San Francisco psychologist and psychotherapist, Dr. Laura Kasper, provides providing individual psychotherapy, couples counseling, and marriage counseling and relationship counseling in her private practice in SoMa/Financial District San Francisco.

Dr. Kasper provides therapy and couples therapy to adults in San Francisco, Mill Valley, and Silicon Valley.

 

Give Empathy Not Advice

GIVE EMPATHY NOT ADVICE EXERCISE

The thing people need most when they are suffering is to feel understood, seen, and cared for. Active listening and giving empathy to others is a skill that can be built, but it takes practice. Expressing empathy calls on our emotional capacity skills to be able to sit with the other person’s feelings and potentially be uncomfortable while we do it. If we’re uncomfortable, that can lead to trying to fix or solve their “problem.” If you have a difficult time sitting with feelings, yours or someone else’s, you might want to practice this exercise before trying to offer empathy.

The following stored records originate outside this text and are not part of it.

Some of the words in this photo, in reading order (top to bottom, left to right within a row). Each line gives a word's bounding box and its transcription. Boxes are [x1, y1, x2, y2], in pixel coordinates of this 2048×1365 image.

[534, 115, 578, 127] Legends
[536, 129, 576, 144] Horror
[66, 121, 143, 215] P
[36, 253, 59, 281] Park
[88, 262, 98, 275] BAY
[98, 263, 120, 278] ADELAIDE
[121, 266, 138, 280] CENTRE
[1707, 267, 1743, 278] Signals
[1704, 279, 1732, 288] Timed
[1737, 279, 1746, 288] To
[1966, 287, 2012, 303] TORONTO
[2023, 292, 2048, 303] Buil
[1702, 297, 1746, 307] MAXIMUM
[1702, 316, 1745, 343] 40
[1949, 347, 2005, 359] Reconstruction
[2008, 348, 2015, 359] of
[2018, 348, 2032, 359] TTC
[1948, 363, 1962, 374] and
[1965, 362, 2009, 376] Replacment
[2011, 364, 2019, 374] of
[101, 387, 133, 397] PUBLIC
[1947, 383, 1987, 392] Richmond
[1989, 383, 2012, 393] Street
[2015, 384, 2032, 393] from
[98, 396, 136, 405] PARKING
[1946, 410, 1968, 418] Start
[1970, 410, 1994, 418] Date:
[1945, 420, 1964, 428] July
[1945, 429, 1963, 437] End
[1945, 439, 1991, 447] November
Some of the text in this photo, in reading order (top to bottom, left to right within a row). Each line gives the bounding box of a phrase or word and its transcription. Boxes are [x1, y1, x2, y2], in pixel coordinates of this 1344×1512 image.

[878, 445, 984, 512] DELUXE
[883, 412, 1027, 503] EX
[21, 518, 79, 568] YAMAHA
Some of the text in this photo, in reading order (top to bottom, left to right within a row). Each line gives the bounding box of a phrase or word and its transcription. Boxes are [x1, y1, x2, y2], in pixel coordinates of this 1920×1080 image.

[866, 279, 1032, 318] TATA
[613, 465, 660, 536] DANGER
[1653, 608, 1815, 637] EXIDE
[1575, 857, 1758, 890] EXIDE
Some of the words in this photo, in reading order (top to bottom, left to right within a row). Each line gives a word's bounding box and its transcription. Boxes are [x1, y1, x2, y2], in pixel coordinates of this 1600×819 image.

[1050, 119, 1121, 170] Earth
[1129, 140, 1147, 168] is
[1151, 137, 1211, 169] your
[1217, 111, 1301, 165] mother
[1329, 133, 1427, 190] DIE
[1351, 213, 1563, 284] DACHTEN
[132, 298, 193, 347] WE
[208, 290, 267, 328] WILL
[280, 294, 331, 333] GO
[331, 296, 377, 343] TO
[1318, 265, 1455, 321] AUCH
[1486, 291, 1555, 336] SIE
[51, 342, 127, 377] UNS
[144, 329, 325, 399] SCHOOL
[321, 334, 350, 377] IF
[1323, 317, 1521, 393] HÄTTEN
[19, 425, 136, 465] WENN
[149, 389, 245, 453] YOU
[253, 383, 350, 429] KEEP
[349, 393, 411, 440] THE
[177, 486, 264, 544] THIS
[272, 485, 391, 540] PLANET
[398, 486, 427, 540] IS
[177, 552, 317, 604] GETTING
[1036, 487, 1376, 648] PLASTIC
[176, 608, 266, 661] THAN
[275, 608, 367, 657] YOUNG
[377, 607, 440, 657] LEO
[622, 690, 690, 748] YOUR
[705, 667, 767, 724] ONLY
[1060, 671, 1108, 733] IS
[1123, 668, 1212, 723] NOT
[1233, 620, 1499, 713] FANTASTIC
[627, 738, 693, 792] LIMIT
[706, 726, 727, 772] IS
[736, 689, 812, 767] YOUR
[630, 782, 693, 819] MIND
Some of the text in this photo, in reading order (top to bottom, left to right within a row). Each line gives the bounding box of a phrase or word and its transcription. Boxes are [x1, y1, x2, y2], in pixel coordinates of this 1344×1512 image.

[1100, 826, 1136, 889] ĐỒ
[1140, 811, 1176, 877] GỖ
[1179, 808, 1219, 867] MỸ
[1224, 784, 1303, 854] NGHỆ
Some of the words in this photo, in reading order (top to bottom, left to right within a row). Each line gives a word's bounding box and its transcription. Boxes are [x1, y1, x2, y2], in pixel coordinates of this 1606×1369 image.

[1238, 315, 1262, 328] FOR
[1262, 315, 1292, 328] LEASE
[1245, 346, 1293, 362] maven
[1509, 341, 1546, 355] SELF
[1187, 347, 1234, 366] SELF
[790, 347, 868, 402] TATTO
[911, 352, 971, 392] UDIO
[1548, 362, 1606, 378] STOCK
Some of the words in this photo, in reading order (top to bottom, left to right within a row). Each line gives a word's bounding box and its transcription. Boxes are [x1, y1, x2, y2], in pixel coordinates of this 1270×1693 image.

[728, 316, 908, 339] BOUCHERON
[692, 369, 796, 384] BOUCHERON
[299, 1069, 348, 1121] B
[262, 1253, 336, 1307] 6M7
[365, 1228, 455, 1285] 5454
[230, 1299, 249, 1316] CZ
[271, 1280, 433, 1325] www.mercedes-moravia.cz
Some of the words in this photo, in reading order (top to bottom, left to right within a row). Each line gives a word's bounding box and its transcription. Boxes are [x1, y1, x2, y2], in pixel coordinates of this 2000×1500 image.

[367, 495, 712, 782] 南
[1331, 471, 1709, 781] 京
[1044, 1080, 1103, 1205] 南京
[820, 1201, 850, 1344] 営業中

Next time you’re talking to someone you care about who’s sharing something difficult or challenging, try to practice these tools:

Repeat Back to Them What You are Hearing

This might feel awkward at first, but feeding back what you’ve heard, not adding your interpretation or your opinion, but really staying what what the person has actually shared will go a long way to having them really feel heard and understood.

Check if You’ve Gotten It

Check with them to see if they feel you’ve understood what they are saying and ask if there is something you’re missing or not getting. And if they share something else, practice the first step again, repeating back to them what you’ve heard. Once they’ve done that, ask again until they feel like you understand what they are saying and how they are feeling.

Express Compassion

Now see if you can locate a sense of care and concern for this person knowing they are suffering this way, and say something heartfelt and compassionate from that place. Examples of what you might say include:

  • “This sounds really hard”

  • “I’m sorry you’re going through this right now”

  • “I”m glad you’re letting me know what’s going on, I care about you”

  • “You’re being hard on yourself, anyone would be having a difficult time in your place”

  • “Go easy on my friend, she/he is hurting”

If you’re having a hard time locating compassion for this person, it might be a clue that you don’t have the emotional resources to really listen and offer empathy at this time. That’s okay, you’re a human being too. It might mean you are in need of taking care of yourself and filling up your own emotional gas tank before you can offer empathy to someone else. You might benefit from the Self-Value and Self-Compassion tools to help fill your emotional reserves first and then see if you’ve got some compassion to offer someone else.